Exercise:
Produce an exact copy of all records below.

(Saved entries)
|---|

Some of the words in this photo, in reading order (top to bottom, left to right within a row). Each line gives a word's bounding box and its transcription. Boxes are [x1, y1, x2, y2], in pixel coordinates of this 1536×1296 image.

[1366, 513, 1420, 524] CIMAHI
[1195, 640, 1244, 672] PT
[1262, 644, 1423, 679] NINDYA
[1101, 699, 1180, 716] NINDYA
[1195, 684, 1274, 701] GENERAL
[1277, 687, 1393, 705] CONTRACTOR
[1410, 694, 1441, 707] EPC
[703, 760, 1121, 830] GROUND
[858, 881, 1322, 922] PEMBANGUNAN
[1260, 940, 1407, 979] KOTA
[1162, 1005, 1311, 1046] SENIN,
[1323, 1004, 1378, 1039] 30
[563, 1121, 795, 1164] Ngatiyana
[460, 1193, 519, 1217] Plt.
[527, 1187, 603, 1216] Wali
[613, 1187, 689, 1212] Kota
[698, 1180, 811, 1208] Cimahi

|---|

Written answer:
Some of the words in this photo, in reading order (top to bottom, left to right within a row). Each line gives a word's bounding box and its transcription. Boxes are [x1, y1, x2, y2], in pixel coordinates of this 1536×1296 image.

[1366, 513, 1420, 524] CIMAHI
[1195, 640, 1244, 672] PT
[1262, 644, 1423, 679] NINDYA
[1101, 699, 1180, 716] NINDYA
[1195, 684, 1274, 701] GENERAL
[1277, 687, 1393, 705] CONTRACTOR
[1410, 694, 1441, 707] EPC
[703, 760, 1121, 830] GROUND
[858, 881, 1322, 922] PEMBANGUNAN
[1260, 940, 1407, 979] KOTA
[1162, 1005, 1311, 1046] SENIN,
[1323, 1004, 1378, 1039] 30
[563, 1121, 795, 1164] Ngatiyana
[460, 1193, 519, 1217] Plt.
[527, 1187, 603, 1216] Wali
[613, 1187, 689, 1212] Kota
[698, 1180, 811, 1208] Cimahi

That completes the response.